GOAL OF THE EXERCISE:
A faithful copy of each entry below is expected, with the images removed.

BEGIN INFORMATION

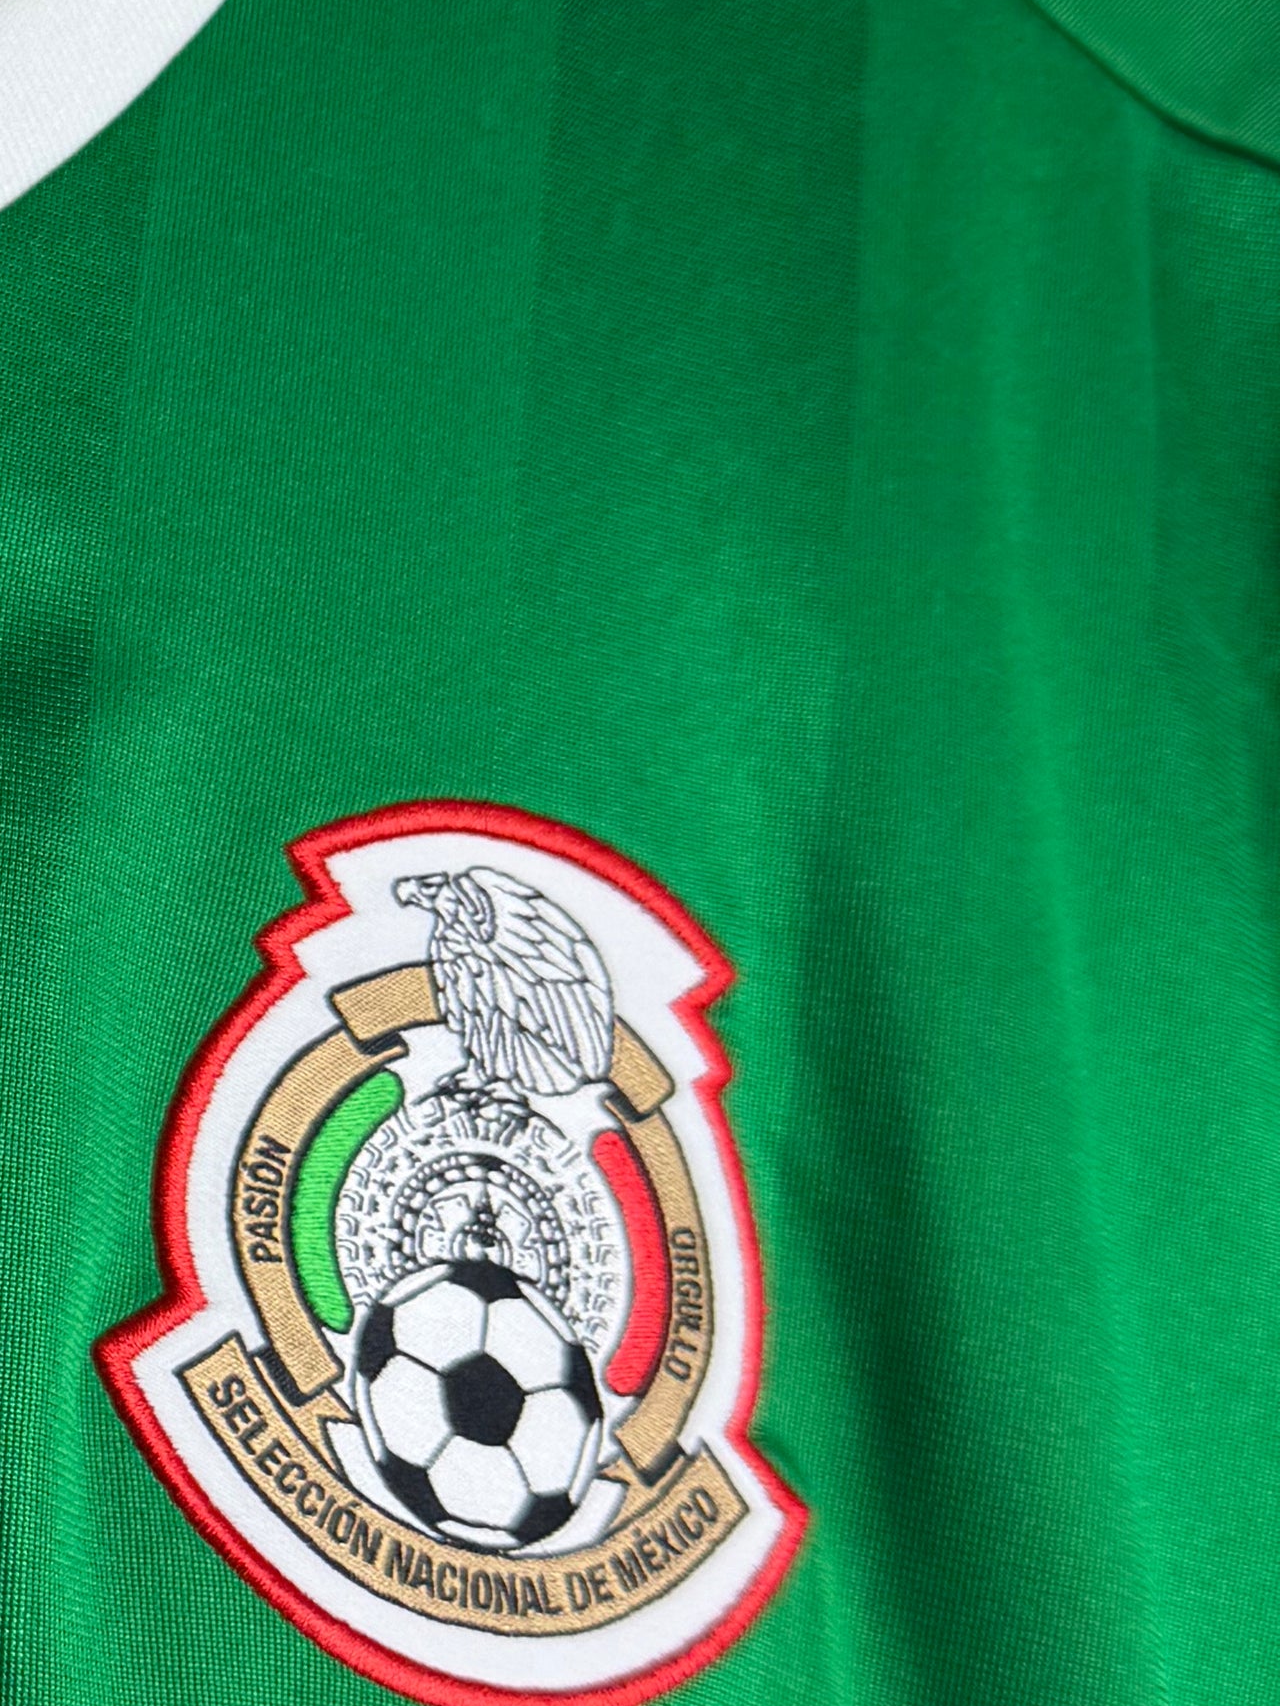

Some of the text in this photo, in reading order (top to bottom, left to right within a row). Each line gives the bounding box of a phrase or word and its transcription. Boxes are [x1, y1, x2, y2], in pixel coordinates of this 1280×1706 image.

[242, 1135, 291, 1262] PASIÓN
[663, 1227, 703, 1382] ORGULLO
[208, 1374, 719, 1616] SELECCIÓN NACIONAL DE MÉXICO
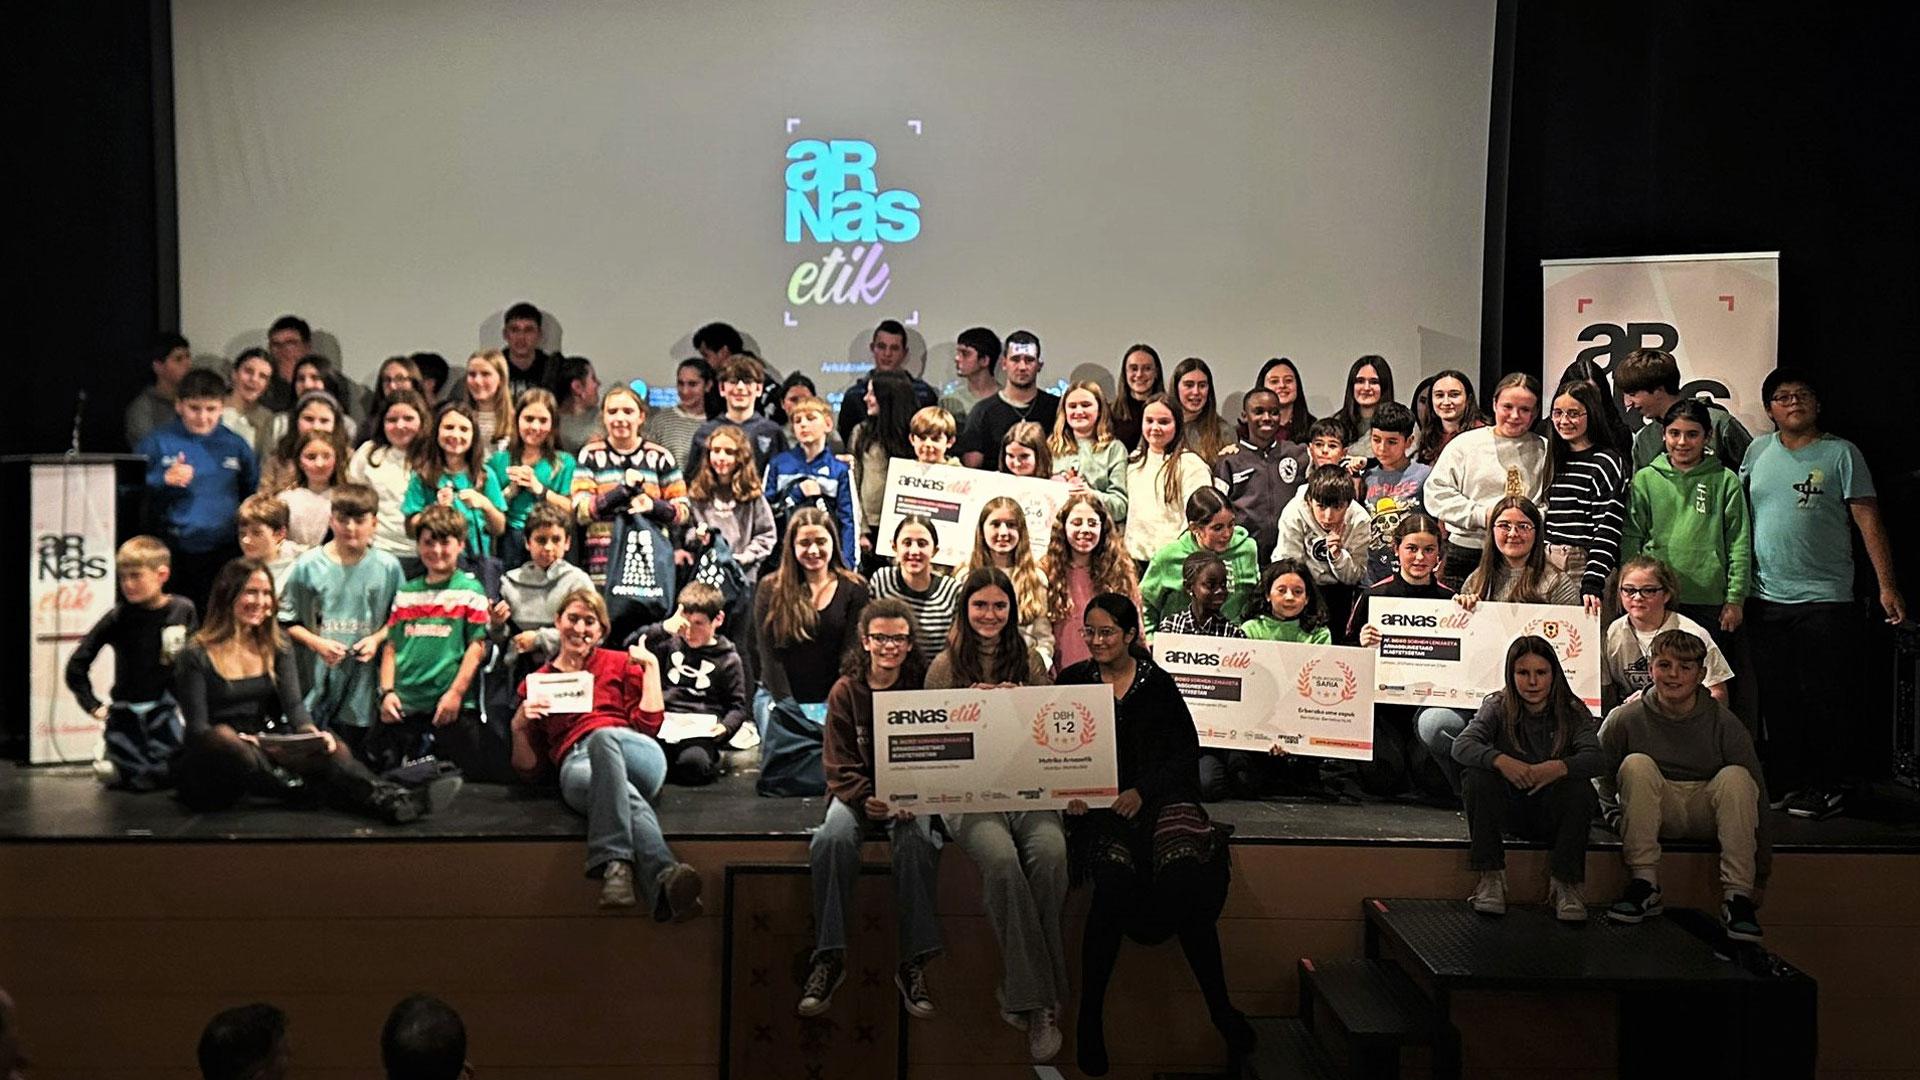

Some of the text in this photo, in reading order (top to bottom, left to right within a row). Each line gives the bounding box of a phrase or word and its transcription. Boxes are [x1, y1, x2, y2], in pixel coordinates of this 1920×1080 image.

END INFORMATION

RESPONSE AREA:
Some of the text in this photo, in reading order (top to bottom, left to right within a row). Each line gives the bounding box of a phrase or word and its transcription. Boxes are [x1, y1, x2, y2], in pixel coordinates of this 1280×1706 image.

[242, 1135, 291, 1262] PASIÓN
[663, 1227, 703, 1382] ORGULLO
[208, 1374, 719, 1616] SELECCIÓN NACIONAL DE MÉXICO

Some of the text in this photo, in reading order (top to bottom, left to right within a row). Each line gives the bounding box of a phrase or word and its transcription. Boxes are [x1, y1, x2, y2], in pixel coordinates of this 1920×1080 image.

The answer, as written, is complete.